DNREC halts clamshell shipments

Military ordnance must be removed

By TERRI SANGINITI / The News Journal
10/28/2004

The state Department of Natural Resources and Environmental Control issued an order Wednesday to stop a Sussex County trucker from stockpiling and transporting processed clam-shells until all military ordnance has been removed from the shells.

DNREC secretary John A. Hughes said the order against Perry Butler of Greenwood is necessary to protect residents "from coming into contact with disposed military ordnance that may continue to be embedded in processed clamshells."

Workers from the U.S. Army Corps of Engineers have been sifting through Butler's stockpile of shells for the past month and recovered seven corroded military explosives, Corps project manager Robert Williams Jr. said

"We're doing each pile as it comes in," said Robert Williams Jr., project manager with the corps. "We're recording the data and it's getting less and less."

The cease and desist order comes a week after Sea Watch International Ltd. was fined $9,000 by the federal Occupational Safety and Health Administration for serious safety violations at its Milford clam-processing plant, where unexploded ordnance has been recovered.

Butler picks up discarded shells from the clam-processing plant, crushes them and sells them to poultry farmers and other customers to pave driveways.

DNREC Capt. William P. McDaniel II, operations supervisor for air and waste management enforcement, said Butler has been ordered not to sell any clamshells directly to customers unless the shells have been screened and determined to be safe.

Penalties for violating an order range from $2,500 to $25,000, McDaniel said.

DNREC joined forces with the U.S. Army Corps of Engineers in August to investigate the source of at least 100 vintage devices turning up in clamshell-paved driveways in Kent and Sussex counties.

The investigation was prompted by a July 19 incident at Dover Air Force Base in which three bomb technicians were hospitalized after coming into contact with mustard gas while disarming a device found in a Bridgeville driveway.

The shells originated in loads of clams dredged from the ocean floor off New Jersey, where military explosives were dumped following World Wars I and II.

Butler, who said his business has been slowed by the investigation, said he can continue to sell the shells as long as the Army has gone through them to ensure they are free of ordnance.

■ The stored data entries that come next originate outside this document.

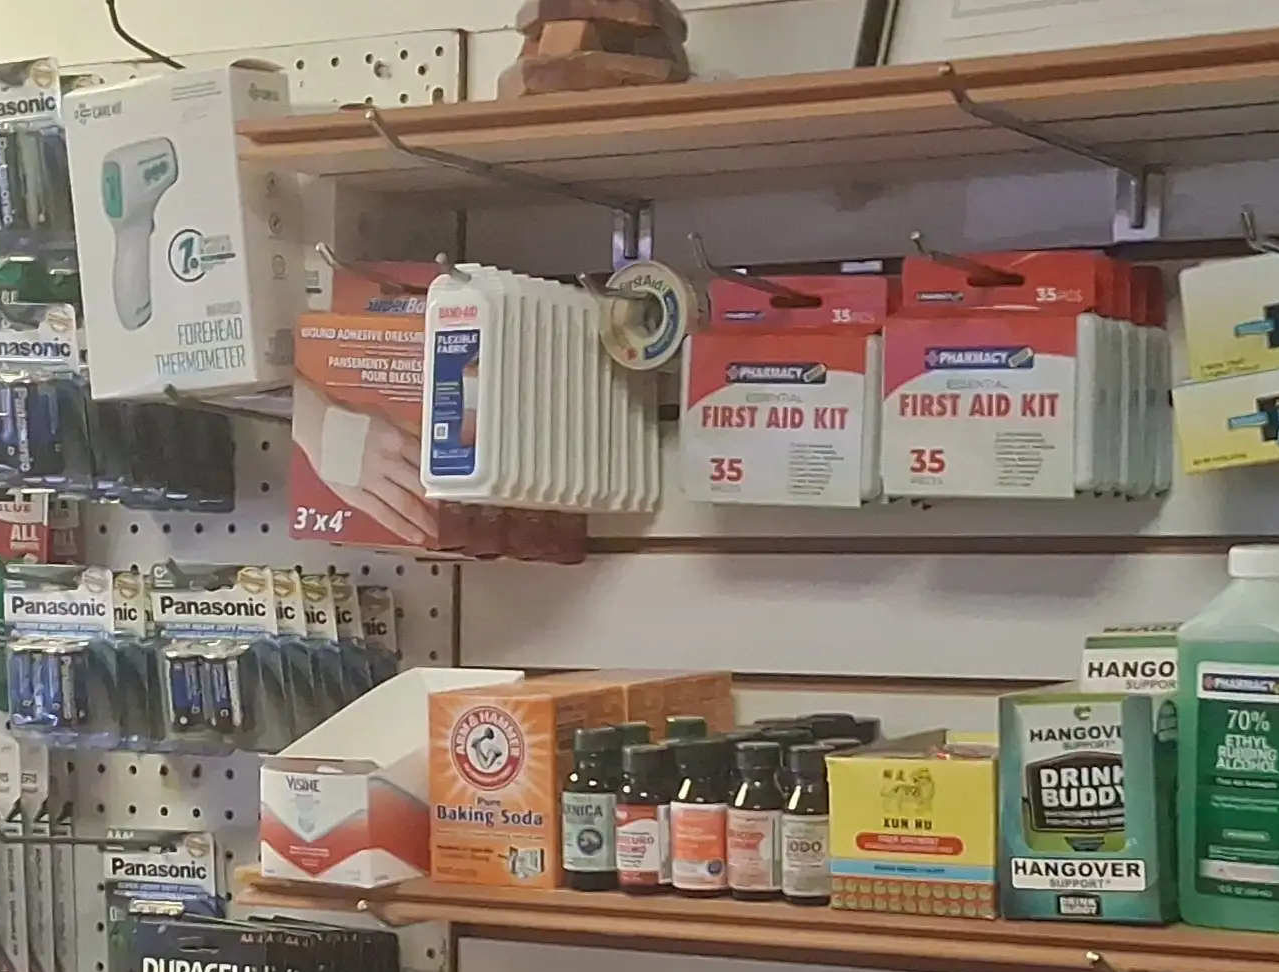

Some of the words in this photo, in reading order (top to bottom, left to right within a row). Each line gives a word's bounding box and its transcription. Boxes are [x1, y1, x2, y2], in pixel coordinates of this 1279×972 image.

[1035, 288, 1057, 302] 35
[177, 317, 244, 346] FOREHEAD
[337, 328, 383, 342] ADHESIVE
[437, 332, 479, 346] FLEXIBLE
[437, 343, 469, 355] FABRIC
[939, 350, 1008, 366] PHARMACY
[155, 345, 247, 375] THERMOMETER
[328, 356, 389, 371] PANSEMENTS
[899, 394, 959, 417] FIRST
[969, 394, 1011, 417] AID
[1022, 393, 1059, 417] KIT
[702, 407, 758, 429] FIRST
[766, 407, 804, 429] AID
[814, 407, 849, 429] KIT
[710, 458, 743, 482] 35
[910, 449, 946, 474] 35
[10, 525, 41, 542] ALL
[11, 596, 107, 618] Panasonic
[159, 595, 267, 619] Panasonic
[1087, 660, 1176, 680] HANGO
[1125, 679, 1178, 692] SUPPOR
[1226, 708, 1271, 733] 70%
[1029, 726, 1122, 743] HANGOV
[1226, 733, 1270, 749] ETHYL
[1215, 757, 1279, 774] ALCOHOL
[477, 796, 502, 807] Pure
[1040, 786, 1125, 809] BUDDY
[436, 804, 495, 828] Baking
[500, 808, 544, 827] Soda
[111, 858, 208, 879] Panasonic
[1013, 861, 1141, 880] HANGOVER
[1049, 878, 1109, 890] SUPPORT
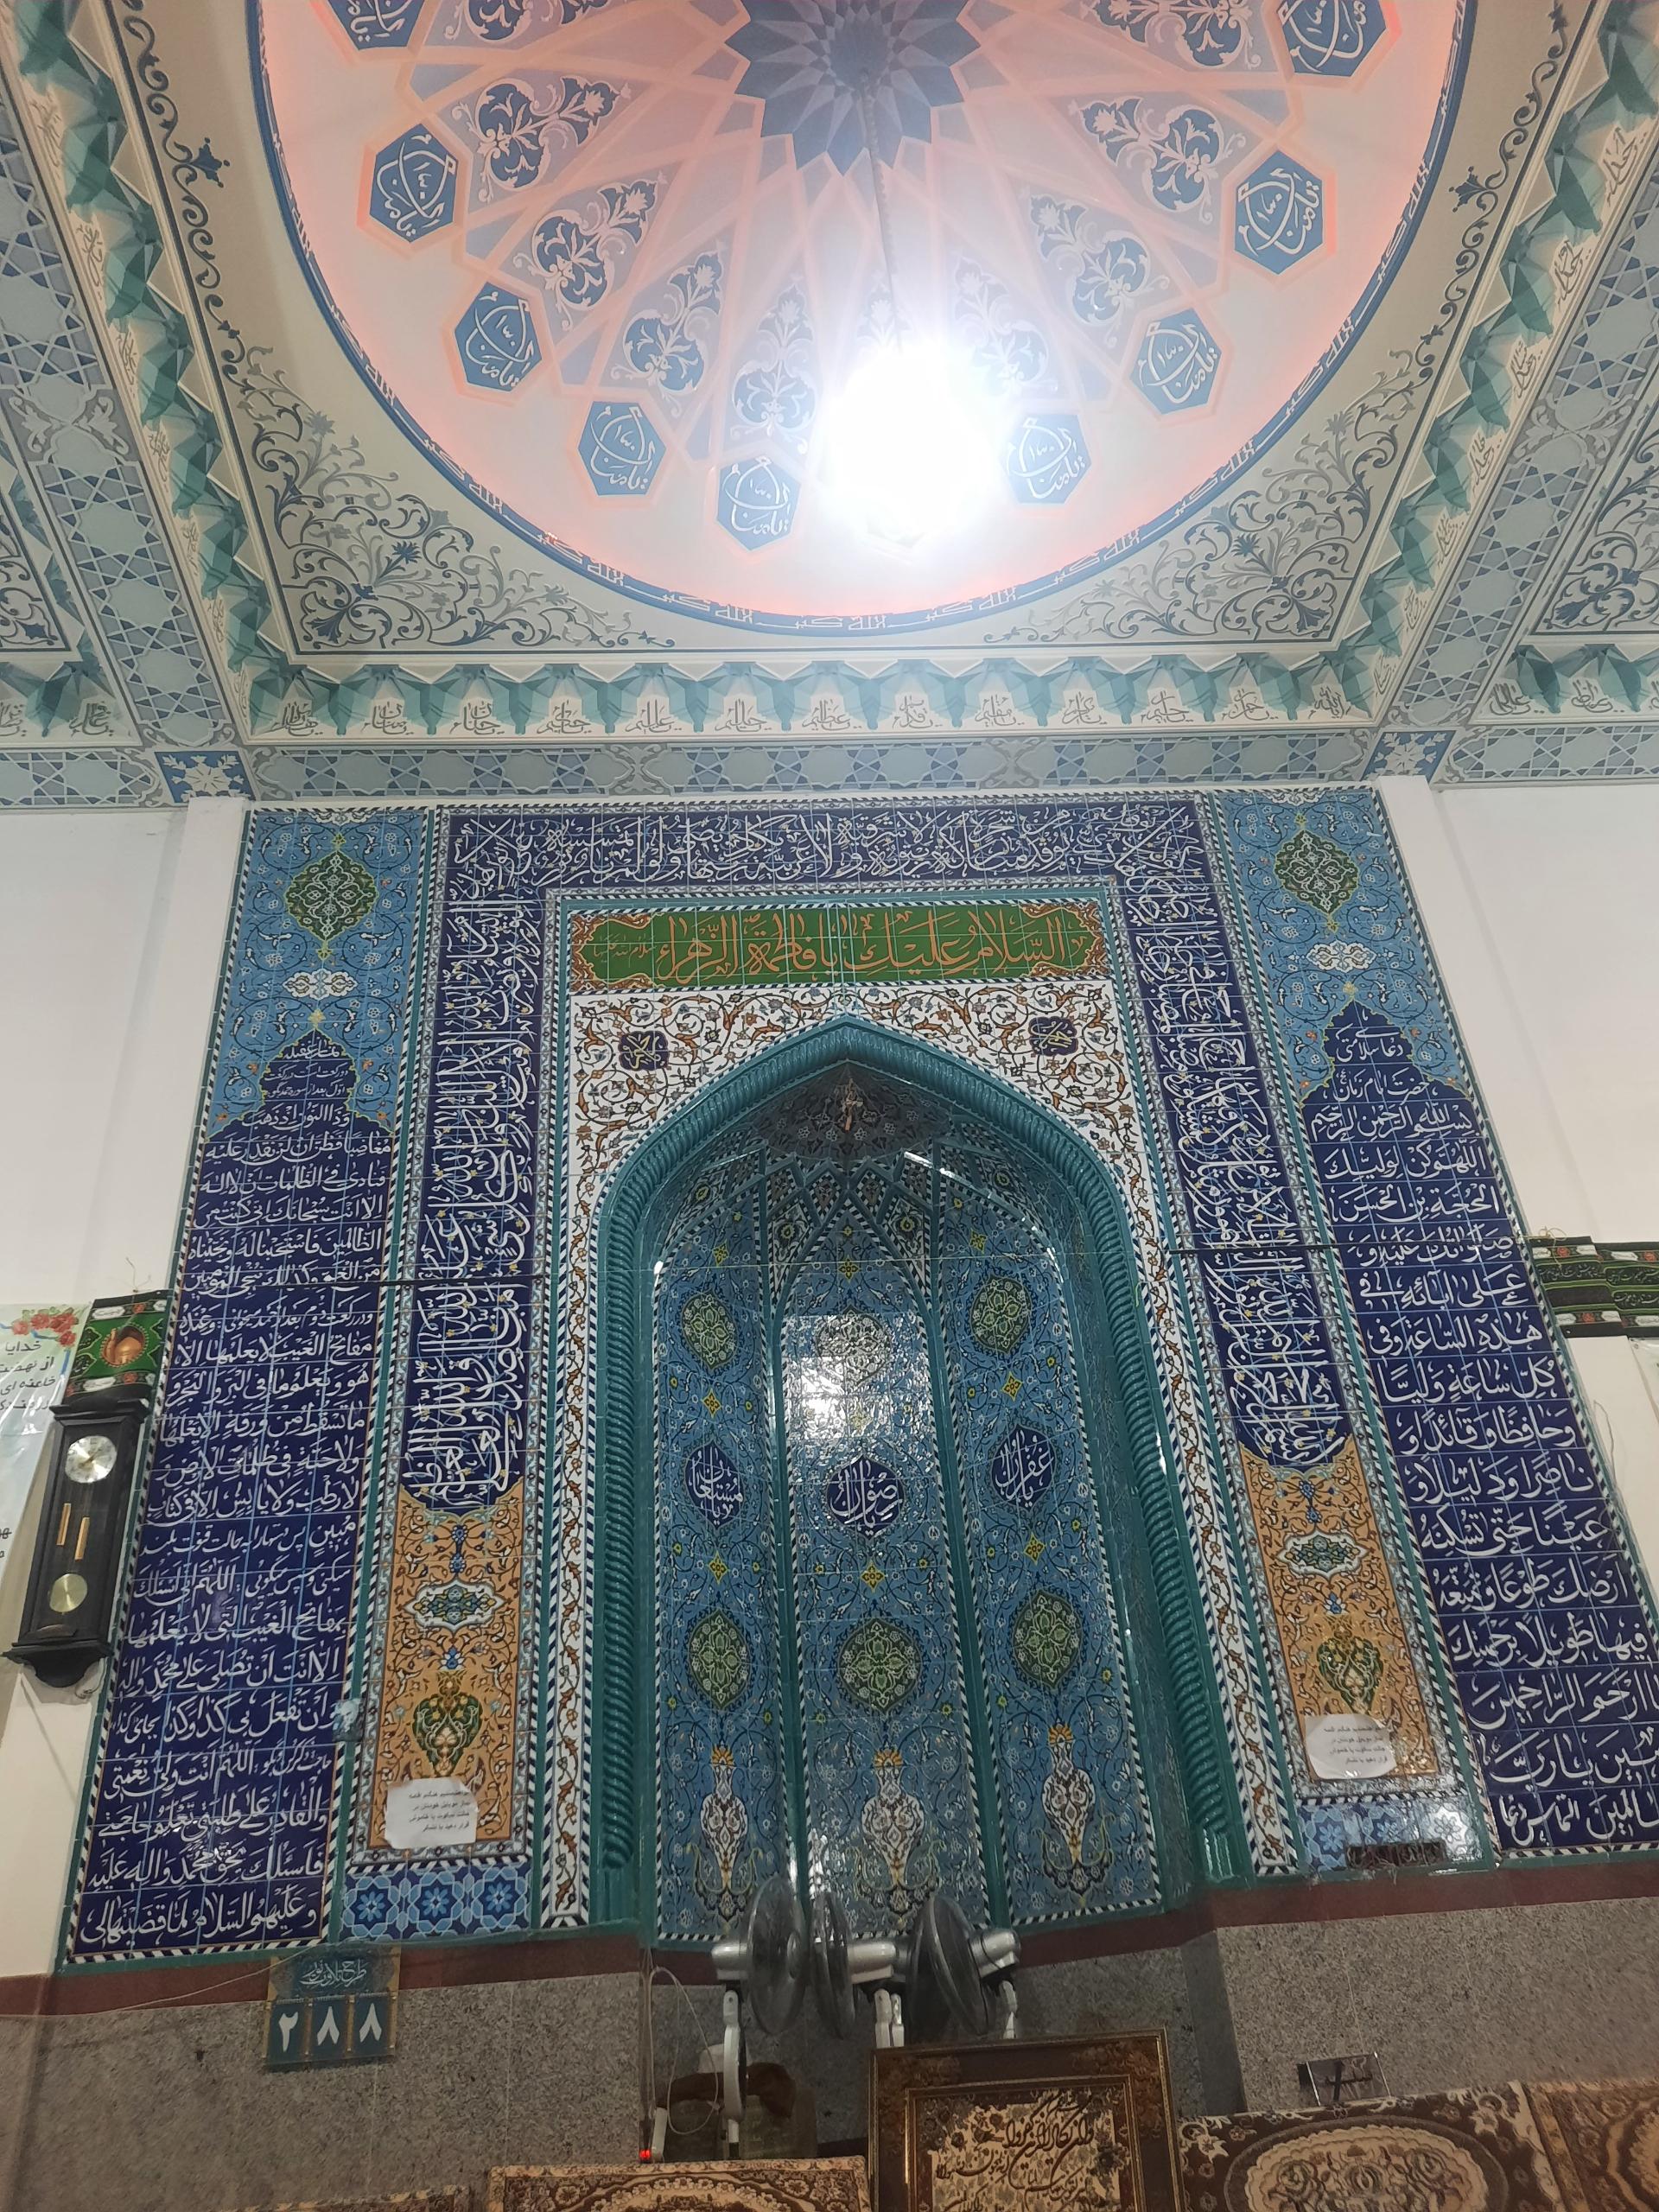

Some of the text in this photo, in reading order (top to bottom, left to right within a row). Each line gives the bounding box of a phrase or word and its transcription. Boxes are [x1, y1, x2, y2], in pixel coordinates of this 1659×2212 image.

[656, 913, 740, 984] الزهراء
[819, 912, 839, 976] یا
[938, 909, 1065, 976] السلام
[1336, 1038, 1379, 1062] سلامتی
[1387, 1077, 1429, 1105] حضرت
[1419, 1102, 1451, 1124] الله
[1311, 1105, 1357, 1141] الرحیم
[1357, 1105, 1414, 1141] الرحمن
[5, 1340, 41, 1355] خدایا
[40, 1356, 54, 1370] از
[1529, 1507, 1606, 1551] عینا
[1491, 1558, 1549, 1609] طوعا
[1516, 1612, 1594, 1668] طویلا
[1588, 1614, 1649, 1662] فیها
[1467, 1673, 1586, 1730] الراحمین
[1490, 1734, 1592, 1793] یا رب
[343, 1959, 368, 1986] طرح

"Nobody wants to buy them because everybody keeps calling up saying I'm selling shells from Sea Watch," Butler said.

The cleanup effort could cost the government as much as $20 million.

Williams said plans are under way to finalize recommendations on how to eliminate the shells at the plant. The recommendations should be implemented by December.

"Once that's done, then Perry's on his own," he said.

Plant officials plan to meet with OSHA Friday to discuss how to screen for ordnance.